++++ Information given ++++

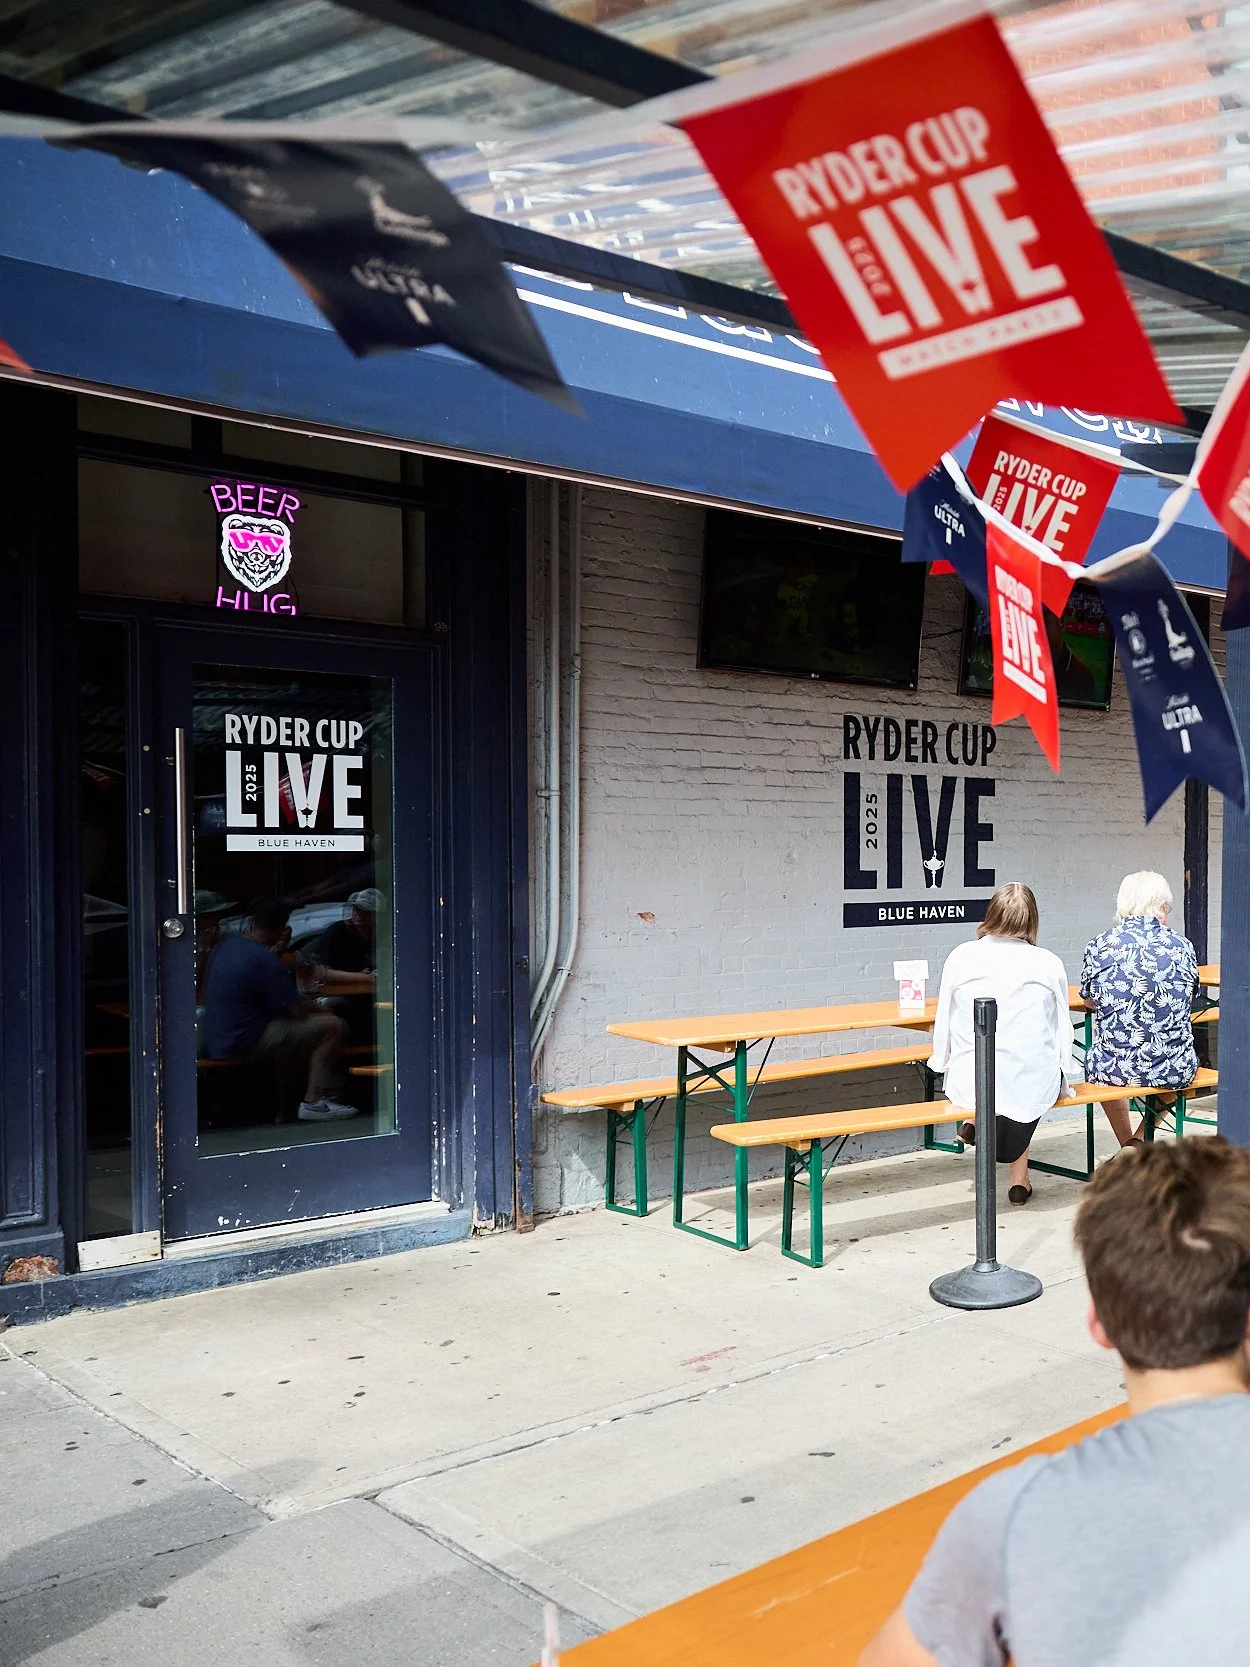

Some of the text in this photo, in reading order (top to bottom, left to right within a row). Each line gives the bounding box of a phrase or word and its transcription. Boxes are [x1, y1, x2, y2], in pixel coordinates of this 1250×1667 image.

[772, 134, 919, 220] RYDER
[906, 106, 989, 177] CUP
[806, 164, 1068, 346] LIVE
[993, 450, 1087, 501] RYDER CUP
[211, 484, 300, 523] BEER
[934, 504, 967, 538] ULTRA
[981, 473, 1080, 552] LIVE
[217, 585, 296, 616] HUG
[998, 593, 1046, 685] LIVE
[225, 714, 364, 749] RYDER CUP
[843, 714, 997, 766] RYDER CUP
[225, 750, 364, 829] LIVE
[245, 764, 257, 802] 2025
[258, 839, 336, 848] BLUE HAVEN
[843, 771, 996, 890] LIVE
[865, 793, 878, 850] 2025
[878, 905, 965, 921] BLUE HAVEN

++++

Copy out the data verbatim, with no pictures.

- Expected output -
Some of the text in this photo, in reading order (top to bottom, left to right within a row). Each line gives the bounding box of a phrase or word and its transcription. Boxes are [x1, y1, x2, y2], in pixel coordinates of this 1250×1667 image.

[772, 134, 919, 220] RYDER
[906, 106, 989, 177] CUP
[806, 164, 1068, 346] LIVE
[993, 450, 1087, 501] RYDER CUP
[211, 484, 300, 523] BEER
[934, 504, 967, 538] ULTRA
[981, 473, 1080, 552] LIVE
[217, 585, 296, 616] HUG
[998, 593, 1046, 685] LIVE
[225, 714, 364, 749] RYDER CUP
[843, 714, 997, 766] RYDER CUP
[225, 750, 364, 829] LIVE
[245, 764, 257, 802] 2025
[258, 839, 336, 848] BLUE HAVEN
[843, 771, 996, 890] LIVE
[865, 793, 878, 850] 2025
[878, 905, 965, 921] BLUE HAVEN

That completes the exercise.